:: Dataset excerpts ::
*** Begin section ***
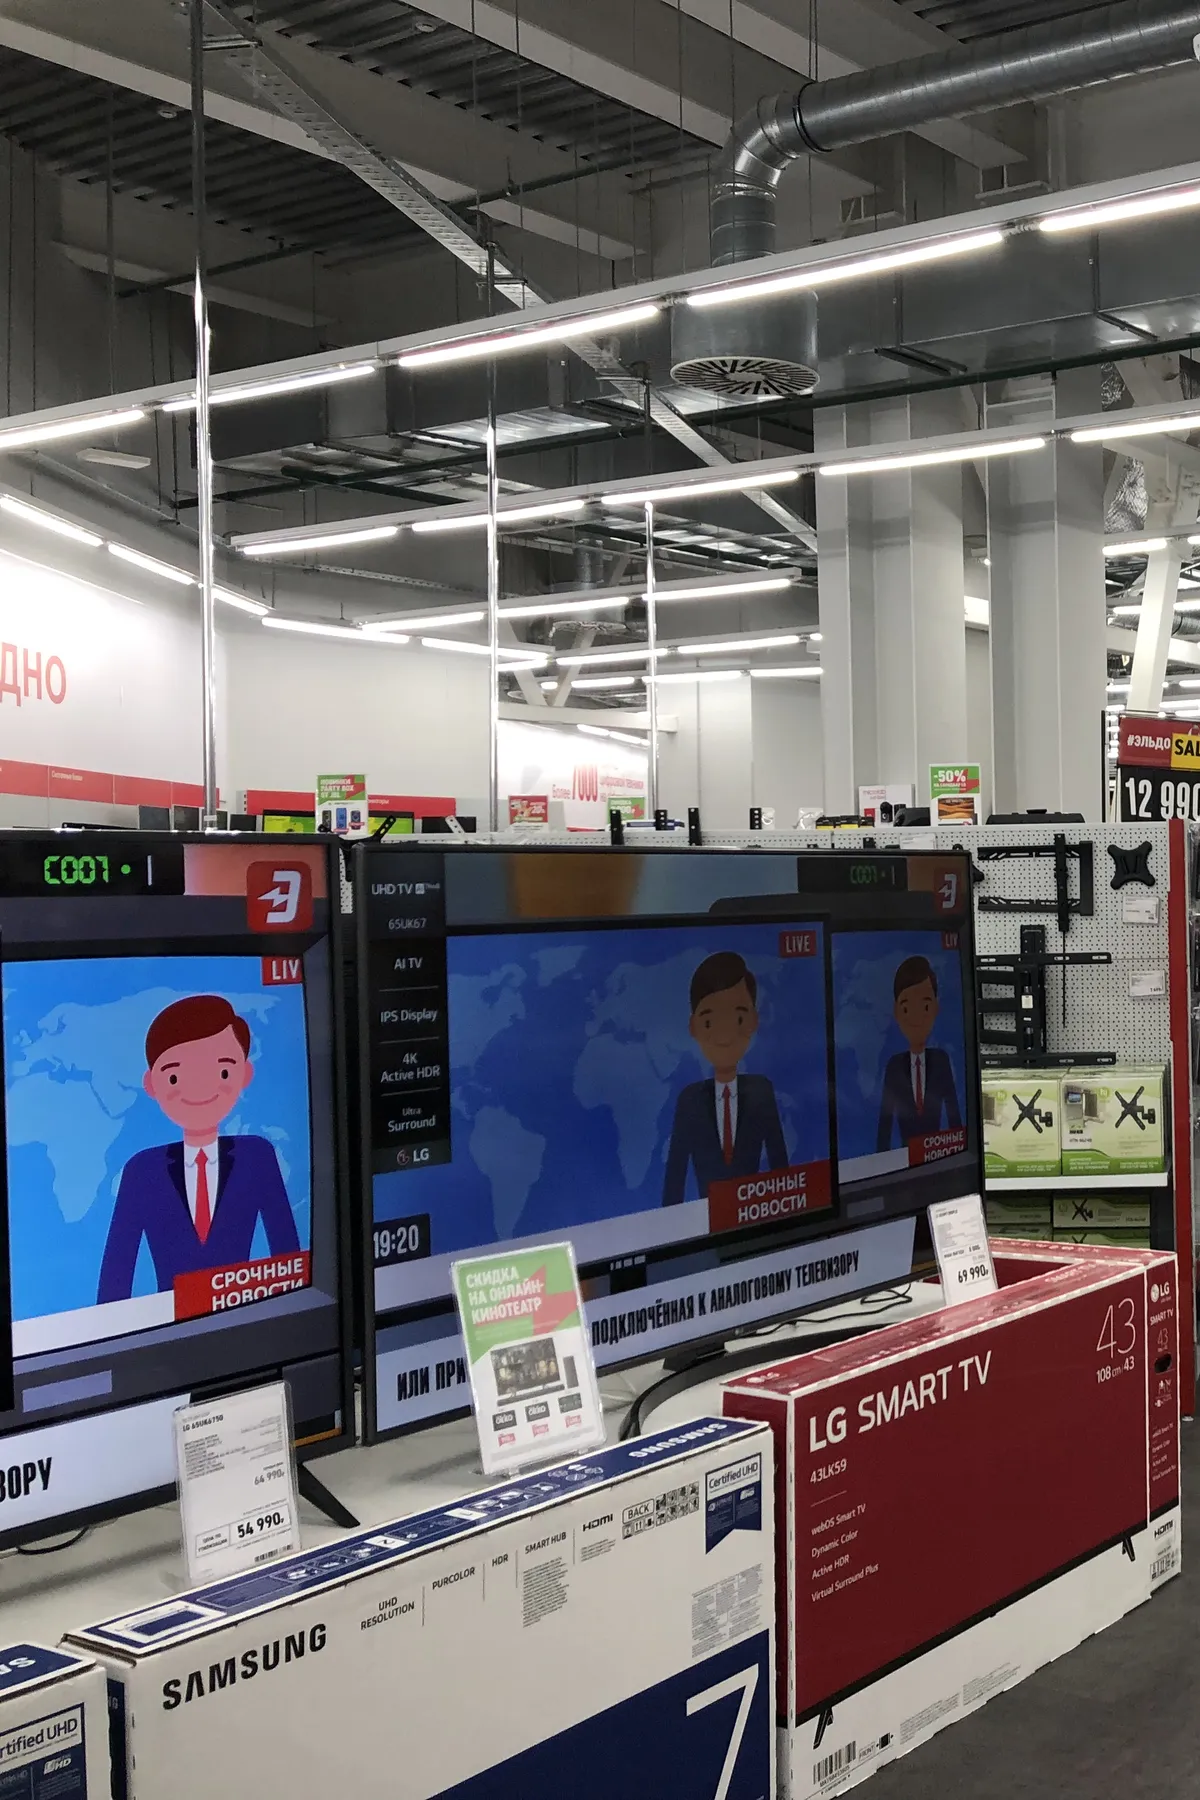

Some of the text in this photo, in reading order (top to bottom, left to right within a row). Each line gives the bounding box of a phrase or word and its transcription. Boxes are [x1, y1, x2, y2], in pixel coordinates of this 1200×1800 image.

[0, 642, 67, 706] ДНО
[933, 770, 966, 783] -50%
[1125, 777, 1152, 818] 12
[371, 883, 396, 895] UHD
[397, 882, 413, 895] TV
[388, 917, 427, 930] 65UK67
[785, 935, 810, 953] LIVE
[272, 959, 298, 980] LIV
[408, 958, 423, 969] TV
[380, 1009, 437, 1022] IPS Display
[402, 1052, 418, 1064] 4K
[381, 1065, 440, 1083] Active HDR
[388, 1117, 436, 1133] Surround
[413, 1148, 429, 1162] LG
[737, 1171, 806, 1201] СРОЧНЫЕ
[737, 1193, 806, 1223] НОВОСТИ
[374, 1224, 419, 1259] 19:20
[211, 1258, 303, 1290] СРОЧНЫЕ
[466, 1267, 519, 1288] СКИДКА
[958, 1269, 968, 1283] 69
[469, 1279, 544, 1306] НА ОНЛАЙН-
[1160, 1281, 1170, 1297] LG
[472, 1297, 542, 1324] КИНОТЕАТР
[397, 1368, 430, 1401] ИЛИ
[591, 1298, 694, 1345] ПОДКЛЮЧЁННАЯ
[710, 1274, 792, 1314] АНАЛОГОВОМУ
[796, 1250, 859, 1287] ТЕЛЕВИЗОРУ
[1096, 1298, 1136, 1358] 43
[1096, 1365, 1111, 1383] 108
[810, 1350, 992, 1453] LG SMART TV
[709, 1462, 758, 1488] Certified UHD
[810, 1458, 847, 1484] 43LK59
[583, 1513, 613, 1532] HDMI
[628, 1505, 650, 1520] BACK
[811, 1503, 866, 1535] webOS Smart TV
[237, 1522, 254, 1538] 54
[525, 1532, 567, 1555] SMART HUB
[811, 1529, 858, 1558] Dynamic Color
[492, 1554, 508, 1567] HDR
[812, 1554, 850, 1579] Active HDR
[432, 1566, 475, 1590] PURCOLOR
[811, 1563, 879, 1602] Virtual Surround Plus
[360, 1601, 415, 1630] RESOLUTION
[379, 1597, 397, 1611] UHD
[162, 1623, 327, 1710] SAMSUNG
[47, 1718, 78, 1740] UHD
[687, 1662, 759, 1800] 7
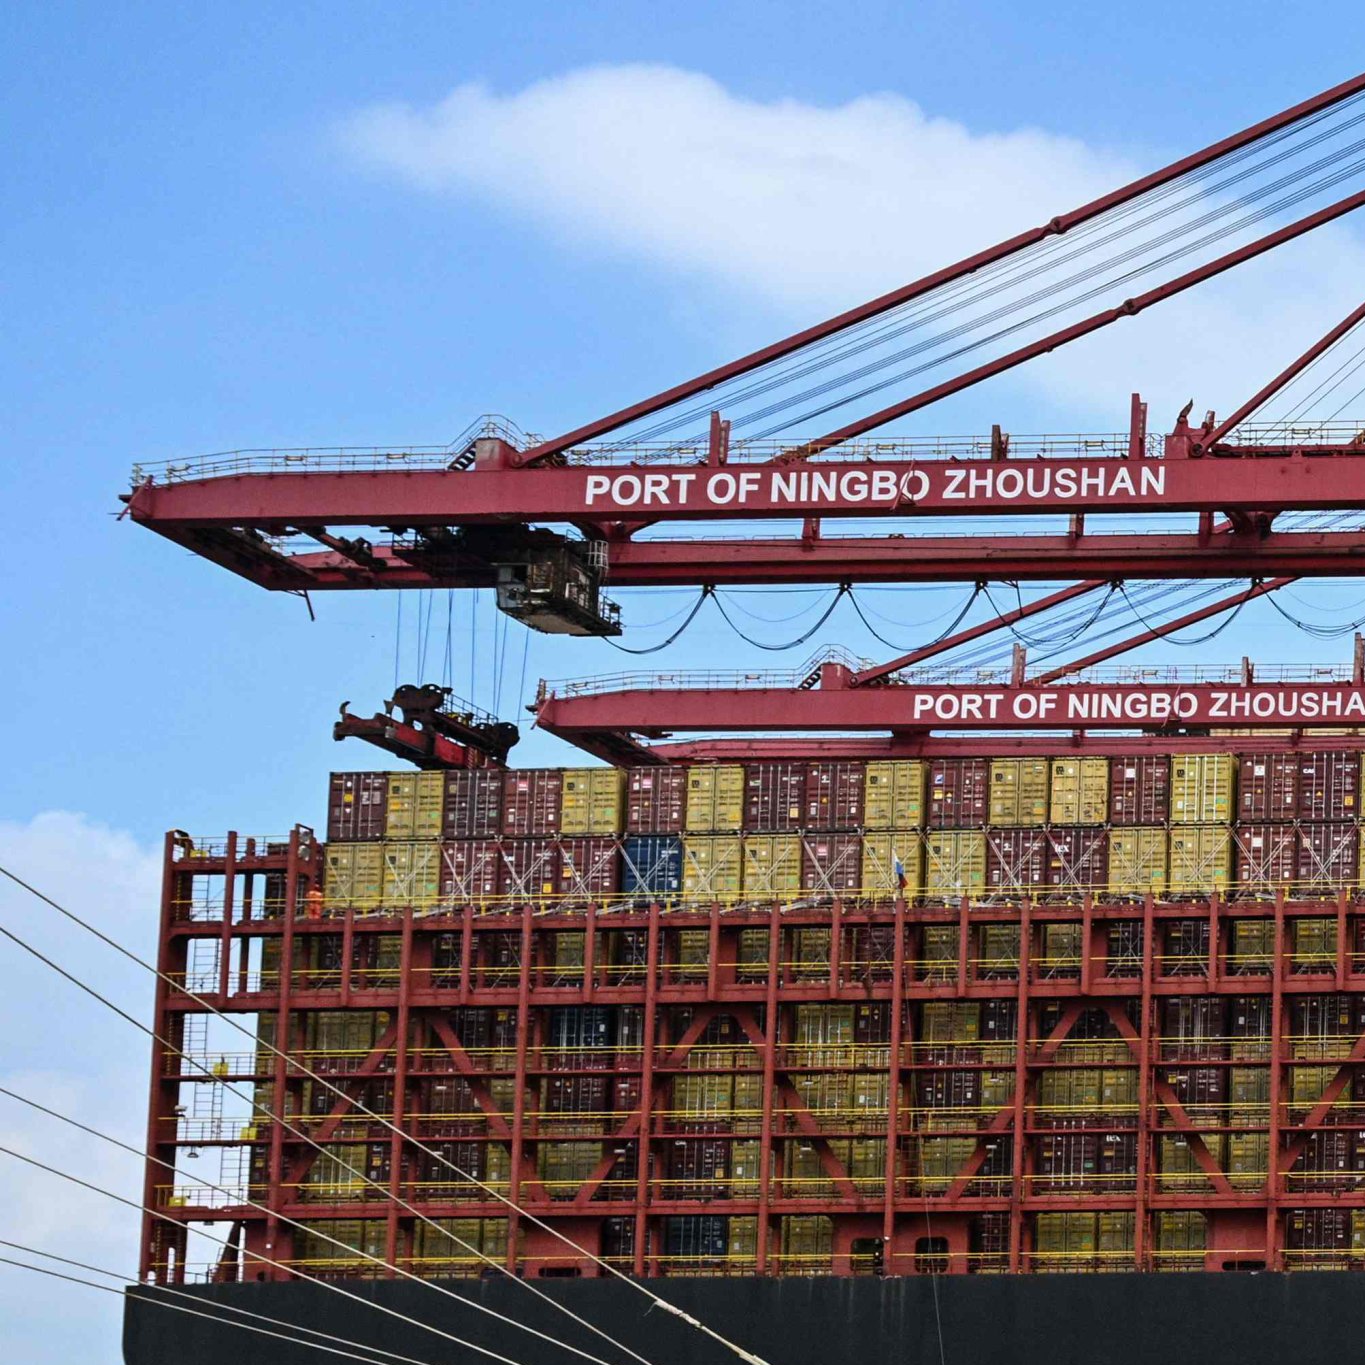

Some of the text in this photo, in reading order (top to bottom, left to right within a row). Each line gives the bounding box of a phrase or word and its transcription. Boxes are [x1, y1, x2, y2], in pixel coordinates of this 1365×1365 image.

[585, 466, 1166, 505] PORT OF NINGBO ZHOUSHAN
[914, 694, 1003, 719] PORT
[1013, 694, 1056, 719] OF
[1068, 693, 1197, 719] NINGBO
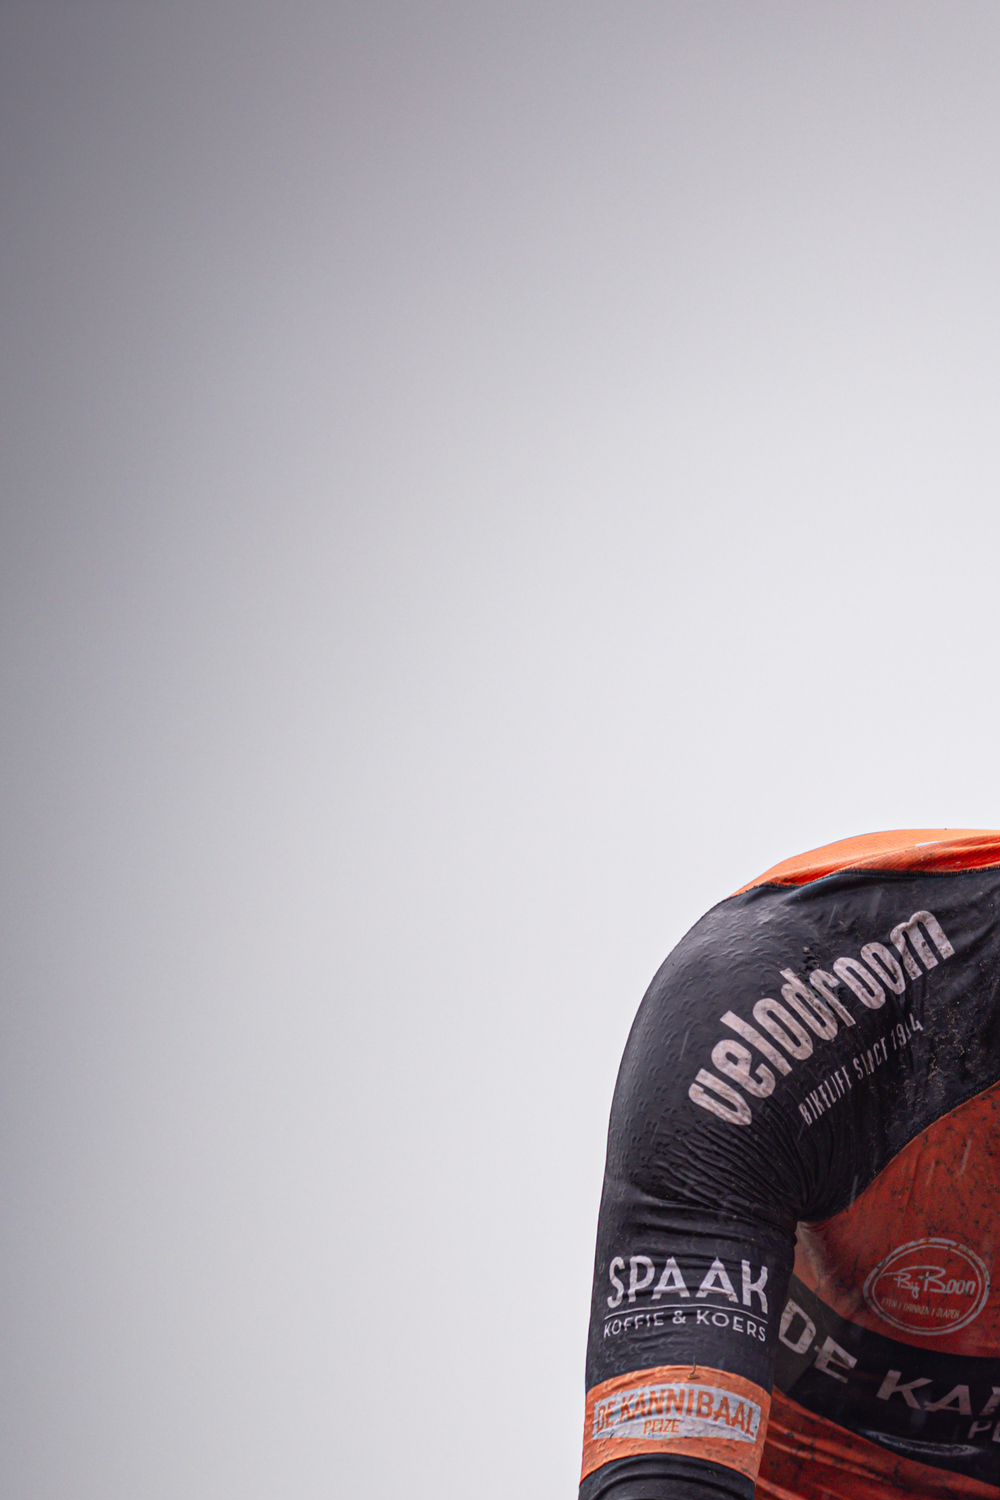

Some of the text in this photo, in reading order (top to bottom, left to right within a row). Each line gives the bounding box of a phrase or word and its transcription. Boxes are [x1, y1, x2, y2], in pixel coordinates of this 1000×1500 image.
*** End section ***
:: Problem ::
Output, exactly and with no pictures, every line from the one that contains "this 1365×1365 image." through the final line of the entries.

:: Exercise output ::
Some of the text in this photo, in reading order (top to bottom, left to right within a row). Each line gives the bounding box of a phrase or word and its transcription. Boxes are [x1, y1, x2, y2], in pixel coordinates of this 1365×1365 image.

[585, 466, 1166, 505] PORT OF NINGBO ZHOUSHAN
[914, 694, 1003, 719] PORT
[1013, 694, 1056, 719] OF
[1068, 693, 1197, 719] NINGBO

Some of the text in this photo, in reading order (top to bottom, left to right within a row). Each line gives the bounding box of a phrase or word and its transcription. Boxes are [x1, y1, x2, y2], in pixel coordinates of this 1000×1500 image.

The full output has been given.